I then added the "Endpoint and Cloud Security" integration to this policy. This integration allows us to use detection rules from the Protections Artifacts repository where we have a rule that should detect mimikatz misc:memssp when executed. @Mikaayenson pointed out this rule in the previous comment. I also loaded all pre-built detection rules during this setup and enabled them all, but you should only need to enable the ones your trying to trigger.

As you did, I then deployed an Elastic agent to my Windows Server 2019 host with my endpoint policy that uses the "Endpoint and Cloud Security" integration.

I also made sure I updated the endpoint security policy settings by visiting Security > Manage > Policies > endpoint.

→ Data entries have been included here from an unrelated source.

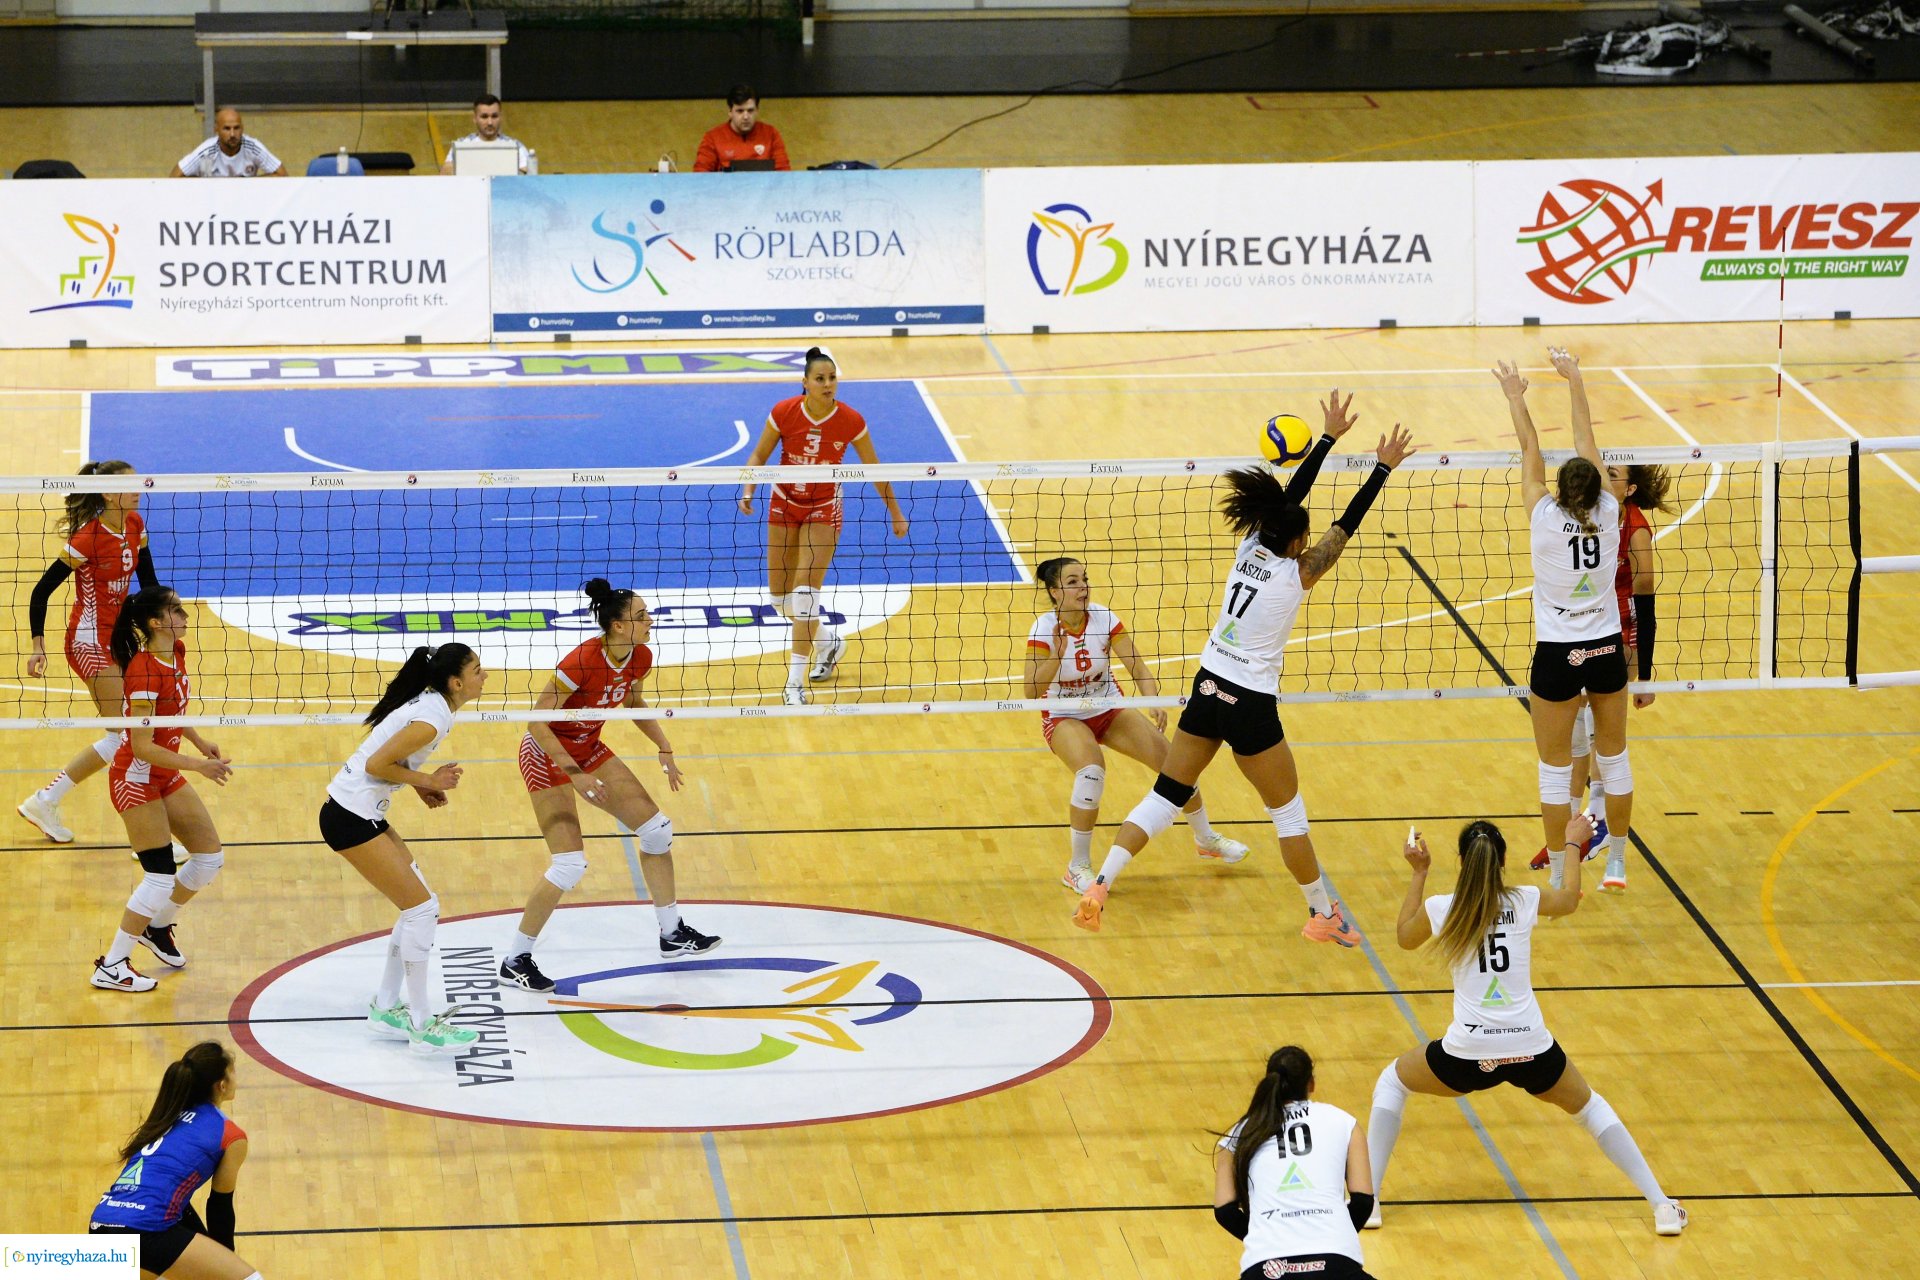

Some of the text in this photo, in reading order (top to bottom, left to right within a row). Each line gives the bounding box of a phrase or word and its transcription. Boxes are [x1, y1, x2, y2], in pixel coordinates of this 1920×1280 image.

[776, 210, 842, 224] MAGYAR
[159, 212, 392, 247] NYÍREGYHÁZI
[1664, 201, 1920, 253] REVESZ
[715, 226, 905, 260] RÖPLABDA
[1145, 226, 1433, 268] NYÍREGYHÁZA
[159, 258, 447, 288] SPORTCENTRUM
[767, 265, 853, 281] SZÖVETSÉG
[1707, 262, 1766, 276] ALWAYS
[1794, 261, 1820, 274] THE
[1824, 260, 1869, 273] RIGHT
[1872, 259, 1904, 272] WAY
[1145, 270, 1433, 289] MEGYEI JOGÚ VÁROS ÖNKORMÁNYZATA
[160, 294, 448, 313] Nyíregyházi Sportcentrum Nonprofit Kft.
[803, 433, 821, 456] 3
[1601, 451, 1634, 462] FATUM
[832, 468, 865, 479] FATUM
[1090, 463, 1123, 474] FATUM
[42, 479, 76, 490] FATUM
[311, 475, 344, 487] FATUM
[572, 472, 605, 483] FATUM
[122, 548, 133, 571] 9
[1567, 535, 1601, 570] 19
[1227, 581, 1259, 619] 17
[1074, 649, 1092, 672] 6
[597, 681, 628, 706] 16
[740, 707, 767, 717] FATUM
[997, 701, 1023, 710] FATUM
[219, 716, 246, 726] FATUM
[481, 712, 508, 721] FATUM
[1478, 932, 1510, 974] 15
[1483, 1025, 1531, 1036] BESTRONG
[1275, 1122, 1313, 1160] 10
[1281, 1207, 1334, 1219] BESTRONG
[1286, 1261, 1326, 1272] REVESZ

In here, I made sure every protection level was set to "Detect" and not "Prevent", especially "Malicious behavior".

By the end of this, I made sure the agent on my Windows Server 2019 host was in a "Healthy" status to ensure logs were being ingested properly. Sometimes unhealthy agents need updates, re-installed or security settings on the host itself need to be reviewed.

Also, when setting up my Windows Server 2019 host, I made sure to disable any security protections it had such as Windows Defender, Virus Protection, etc. as these often block certain actions necessary to trigger these alerts.

Rule Managing

For rules, you will notice if you search for "mimikatz" in Security > Manage > Rules, a detection rule does exist, called "Mimikatz Memssp Log File Detected", so I made sure it was enabled. If you select the rule you want to trigger, you will notice data sourced to trigger this rule comes from the Endpoint and Cloud Security integration based on the index pattern it checks for documents in.

Triggering Mimikatz Rule

I downloaded Mimikatz from the Github repository onto my Windows Server 2019 host, unzipped the files and then ran the following from a PowerShell console with administrative privileges.

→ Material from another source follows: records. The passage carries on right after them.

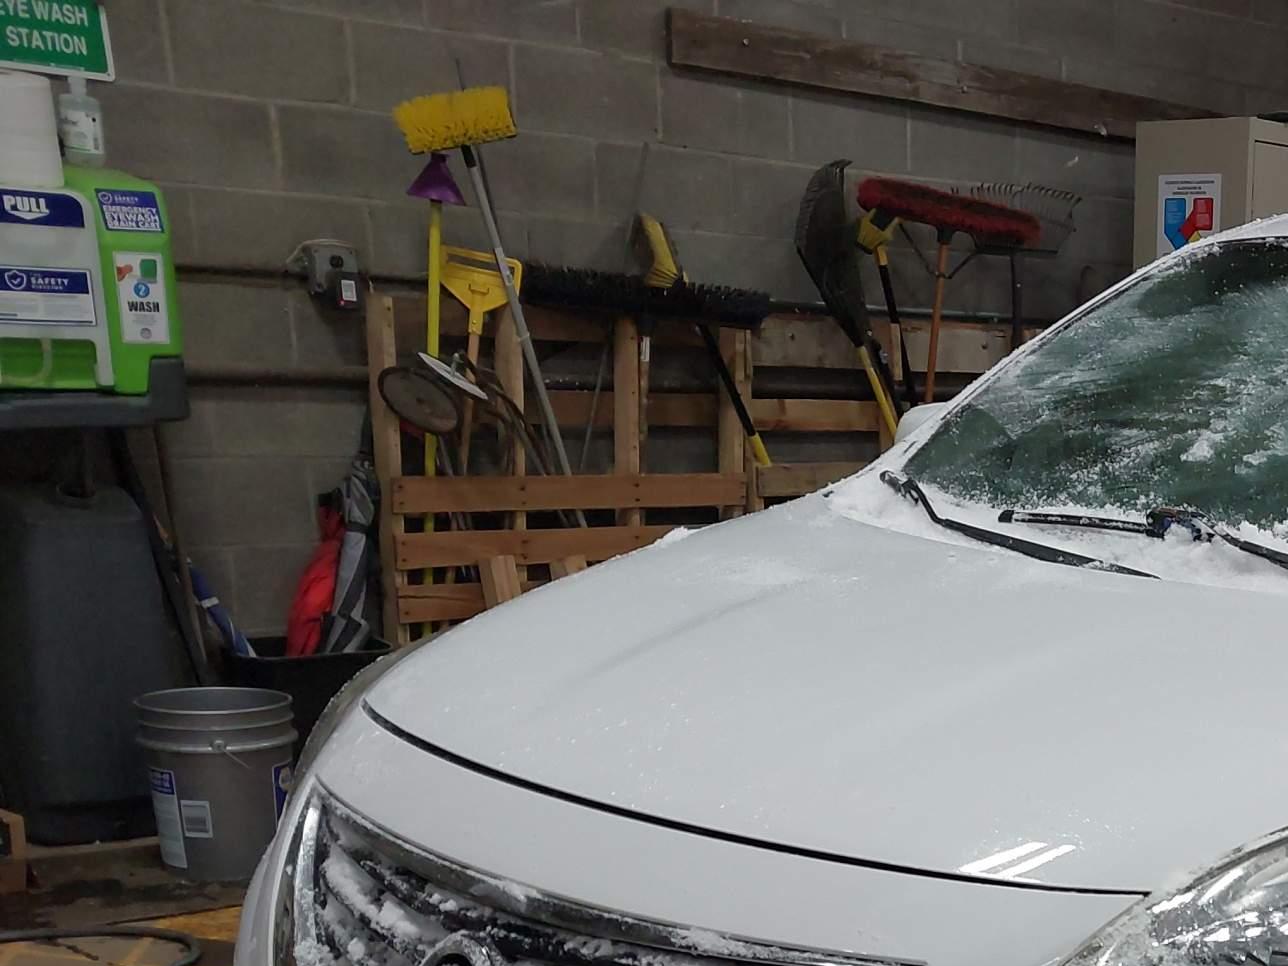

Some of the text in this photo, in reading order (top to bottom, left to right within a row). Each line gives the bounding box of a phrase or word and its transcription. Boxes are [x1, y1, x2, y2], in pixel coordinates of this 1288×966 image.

[31, 0, 88, 26] WASH
[6, 25, 87, 56] STATION
[2, 194, 49, 213] PULL
[30, 278, 69, 287] SAFETY
[127, 301, 160, 313] WASH
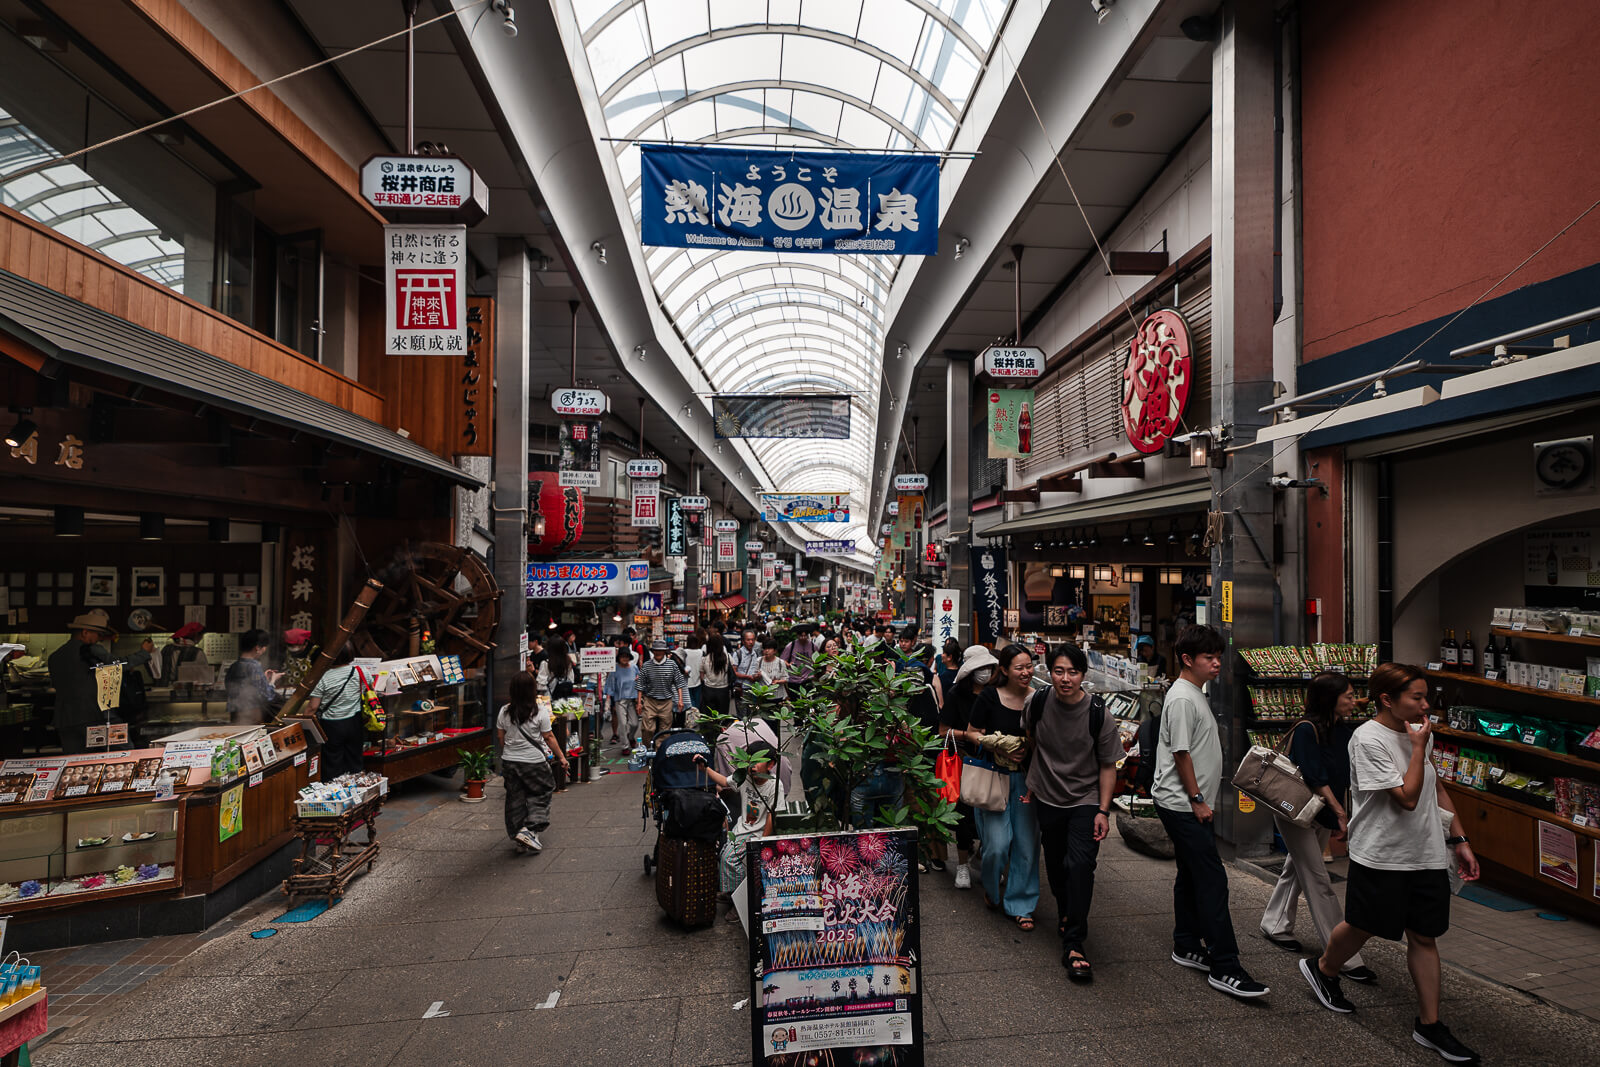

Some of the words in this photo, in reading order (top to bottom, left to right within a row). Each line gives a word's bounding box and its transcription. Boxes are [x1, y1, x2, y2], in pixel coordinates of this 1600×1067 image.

[397, 163, 455, 173] 温泉まんじゅう
[745, 164, 839, 184] ようこそ
[381, 175, 455, 193] 桜井商店
[374, 193, 461, 206] 平和通り名店街
[391, 233, 460, 248] 自然に宿る
[686, 234, 725, 245] Welcome
[727, 236, 737, 245] to
[738, 237, 764, 247] Atami
[391, 250, 460, 265] 神々に逢う
[391, 335, 463, 351] 來願成就
[994, 358, 1035, 368] 桜井商店
[670, 502, 683, 553] お食事処
[939, 613, 956, 646] 鈴廣
[816, 928, 856, 943] 2025

.\mimikatz.exe misc::memssp
cmd.exe -c mimikatz.exe misc::memssp

The time it takes for the alert to trigger is based on how often the rule is run which can be determined by reviewing the rule itself so we knew it would be about ~5 minutes before an alert was triggered.

When checking Security > Alerts I used a KQL filter for any Mimikatz rule names that may have triggered and saw that we have a few alerts.

If these alerts do not trigger you can also search Discover to check for the documents by visiting Analytics > Discover and searching for *mimikatz* to find any documents with mimikatz references, mainly the process.name itself. You can also search for file.name: mimilsa.log as well just make sure your data-view selected is logs-*.

I do hope this helps but please continue to let us know if you have questions and we will continue to attempt in helping!

[antonino-tocco]

Hi, I want to try to use the protection-artifacts rules but when I try to upload or export the rules with the detection_rules package, I receive this error: marshmallow.exceptions.ValidationError: {'rule': [ValidationError({'type': ['Missing data for required field.'], 'author': ['Missing data for required field.']. Can you help me?

[Mikaayenson]

@antonino-tocco Those rules are for the endpoint-sensor (and not the SIEM), so they are already in use within the agent that you installed on your VMs. You can always create a custom rule in the SIEM for testing purposes with similar logic, but again the protections-artifacts are already enabled and running.

Feel free to reopen this issue if you have any other issues with your setup!